According to Futuremark: “iPhone 5S GPU performance has remained consistent from iOS 9 to iOS 11, with only minor variations that fall well within normal levels.”

They’re missing the point. New operating systems don’t get slower because the manufacturer writes codes to throttle down CPUs. The reason new versions of iOS are slower on older hardware is because they do more. To be fair, the article does explain this. iOS 9 on an iPad 2 is almost unusable, it’s certainly a long way from the speed of iOS 4 the iPad two debuted with. Clearly something changes overtime, and CPUs do not wear out over the course of 4 years!

But is it intentional or not? Of course it is. I’m sure there is a business decision made by Apple on how much time to spend optimising software for older devices. It’s a tradeoff. iOS versions are made in less than a year. At some point you have to balance the needs of the ecosystem (having as many users as possible running the latest software), the cost of development, and the needs of users – which includes having a device that runs at an acceptable speed, as well as having the latest security updates and new features.  I’m don’t think it’s a bad tradeoff, but to say a smart company like Apple does this unintentionally doesn’t sit right with me.

You don’t need a new Apple Watch, but the ecosystem does

I’m not sold on the need for a cellular Apple Watch. While it’s a cool gadget and would be a nice luxury, I really wouldn’t recommend anyone buy it unless they are in the habit of upgrading their watch yearly. (Yes if the idea of upgrading your watch every year sounds ridiculous, that’s because is it.)

Why don’t you need it? Well, you do, just not yet.  The battery seems to be just able to cope with the demands of a 4G connection, and it’s still very limited from a software standpoint. For example, if you dictate a long reply to a message, and the dictation inevitably gets a word wrong, you can’t edit that one word by hand,  you have to say the whole phrase again, or just leave the mistake in and hope the recipient understands you. Guaranteed to loose any kudos on the train you thought that red dot might have given you. Apple will get there of course, but by the time they do, a new model with better battery life and a faster processor will be with us. So while like any technology geek I think it’s a cool gadget and a genius piece of technology, I do feel it makes sense to wait until there’s a better version, unless money is no object of course, or you have an exceptional circumstance that means having a phone on you at all times is a burden you’d rather not carry.

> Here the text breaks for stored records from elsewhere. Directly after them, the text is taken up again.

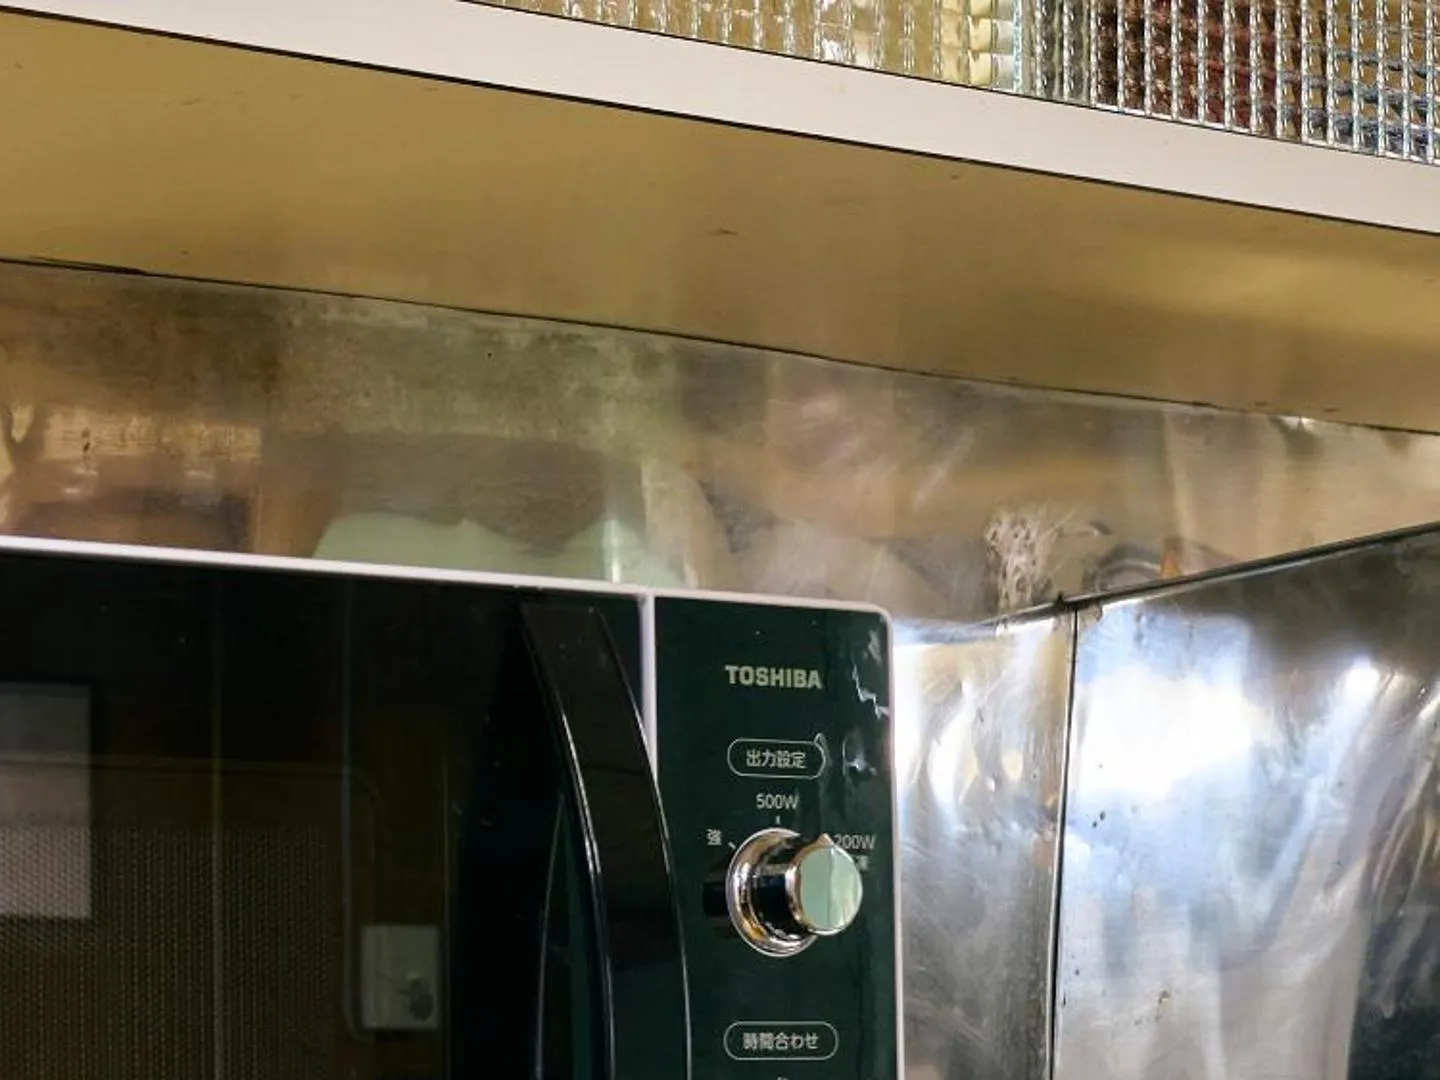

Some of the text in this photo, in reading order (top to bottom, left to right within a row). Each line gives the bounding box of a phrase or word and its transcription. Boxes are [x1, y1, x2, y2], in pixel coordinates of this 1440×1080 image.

[725, 665, 823, 689] TOSHIBA
[746, 749, 807, 768] 出力設定
[756, 794, 799, 809] 500W
[742, 1032, 819, 1050] 時間合わせ
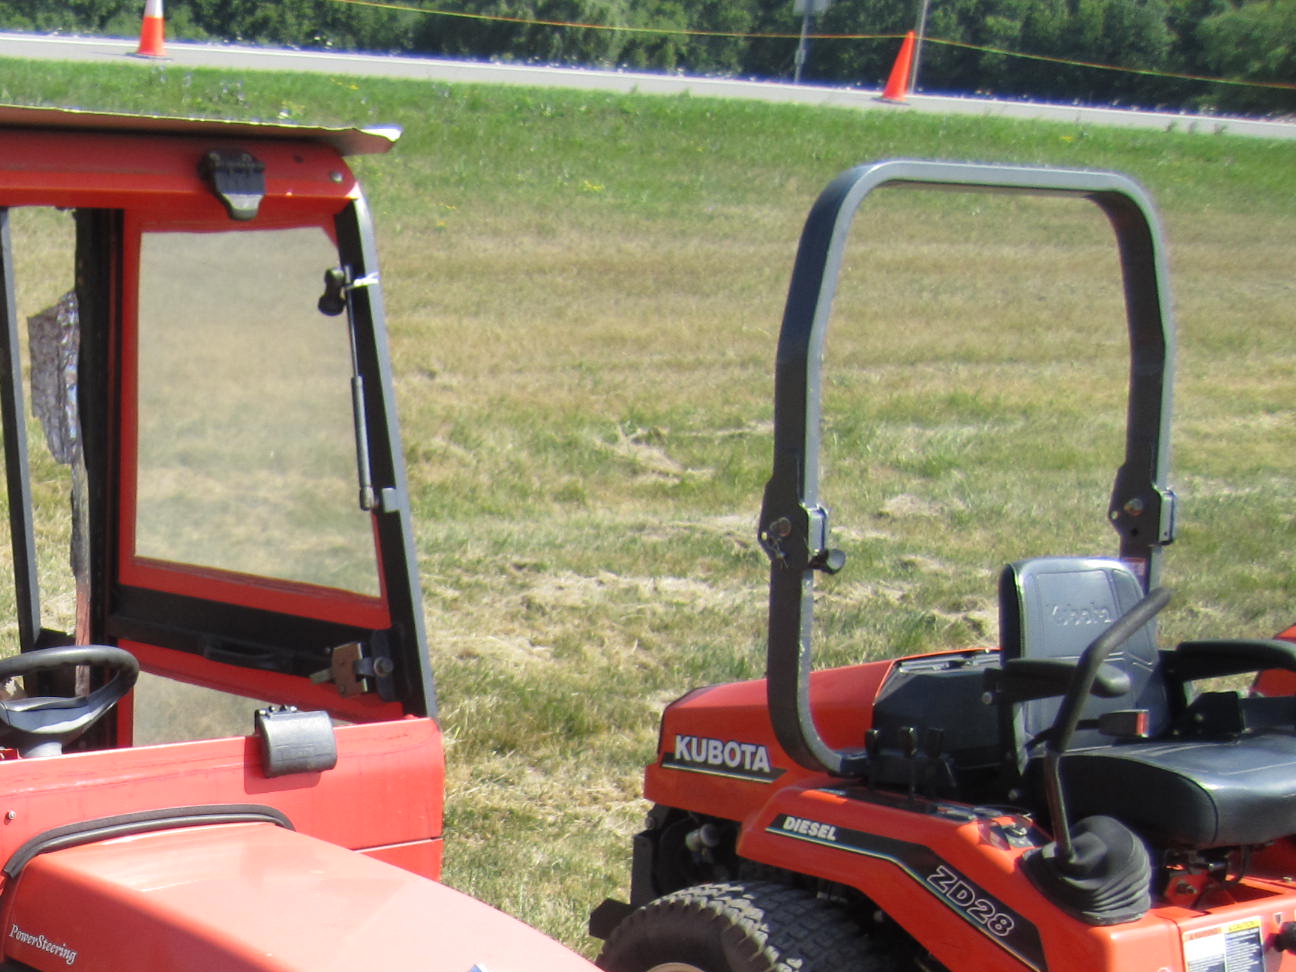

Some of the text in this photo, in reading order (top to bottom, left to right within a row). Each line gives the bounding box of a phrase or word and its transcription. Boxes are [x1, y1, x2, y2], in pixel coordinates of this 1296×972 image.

[674, 734, 770, 773] KUBOTA
[782, 816, 836, 841] DIESEL
[926, 865, 1015, 938] ZD28
[8, 924, 78, 965] PowerSteering
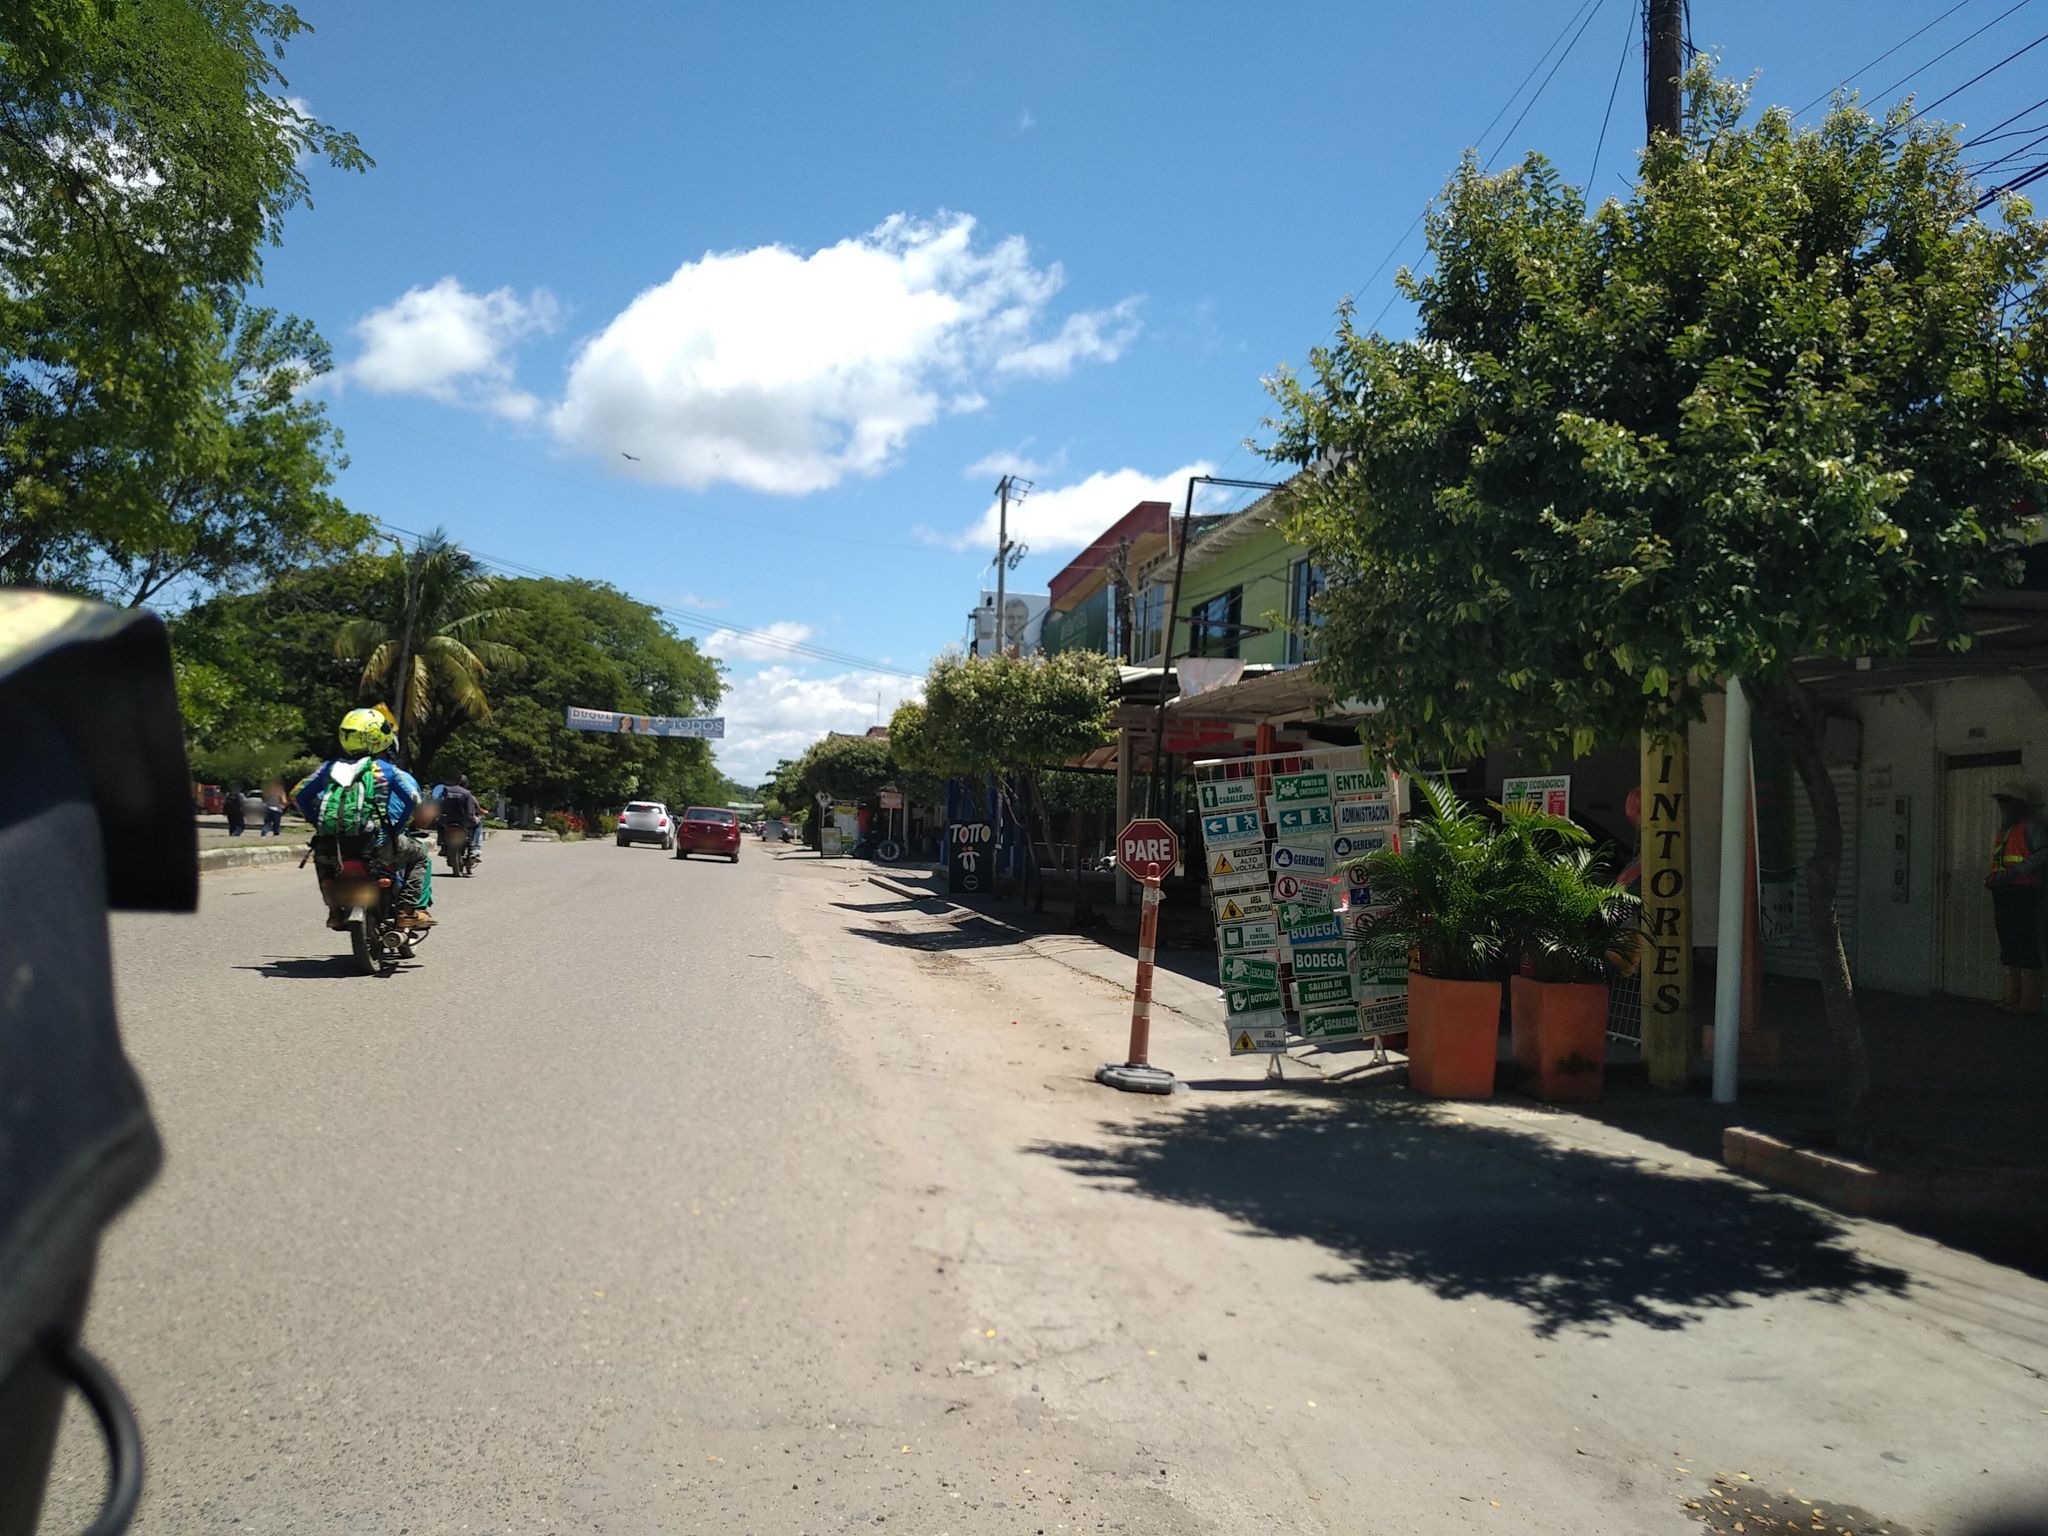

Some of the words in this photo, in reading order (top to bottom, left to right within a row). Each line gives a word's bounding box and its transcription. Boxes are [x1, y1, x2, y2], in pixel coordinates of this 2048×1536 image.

[672, 719, 723, 731] TODOS
[1336, 773, 1387, 791] ENTRADA
[1507, 781, 1528, 790] PUNTO
[1218, 793, 1254, 804] CABALLEROS
[950, 823, 991, 843] TOTTO
[1124, 838, 1171, 862] PARE
[1234, 848, 1260, 856] PELIGRO
[1293, 854, 1325, 867] GERENCIA
[1234, 863, 1264, 871] VOLTAJE
[1647, 753, 1683, 1014] INTORES
[1292, 922, 1340, 938] BODEGA
[1296, 953, 1345, 968] BODEGA
[1251, 967, 1274, 980] ESCALERA
[1308, 981, 1332, 991] SALIDA
[1334, 979, 1343, 988] DE
[1304, 989, 1348, 1001] EMERGENCIA
[1367, 1014, 1375, 1022] DE
[1372, 1018, 1406, 1028] INDUSTRIAL

So why have Apple released it now, when it’s probably not ‘as ready’ as they’d like? My guess is that it helps the watch’s neglected app ecosystem. Now all of a sudden, rich people with their cellular Apple Watches are going to want to send WhatsApp messages from their watch. Time to build an app, WhatsApp. The same could be said for lots of the big players who’ve not yet bothered building watch apps. watchOS apps have been able to work somewhat independently from the phone for a couple of years now, by this I mean they can connect to the Internet (via WiFi or the phone), get their data and present it to the user interface without the phone. Original watchOS apps needed the phone for absolutely everything, including updating UI. Twitter and BBC News, to name just a few, still haven’t updated their apps to benefit from this new way of coding apps (which vastly improves performance), but now faced with a user base that doesn’t have their phone with them but expects the app to work, they might feel inclined to.

Is North Korea a distraction?

Gripping article in this week’s New Scientist on the gradual escalation of nuclear arms between the word’s superpowers, and this:

In June 2016, the British submarine Vengeance test-fired a Trident missile, the UK’s nuclear deterrent. Something went badly wrong, and the missile may have veered towards the US.

The missile was not carrying its nuclear warheads and was destroyed. The UK government has remained silent on what might have caused the incident, but “the failed Trident test is consistent with cyber interference,” says Paul Ingram of the British American Security Information Council, a think tank in London.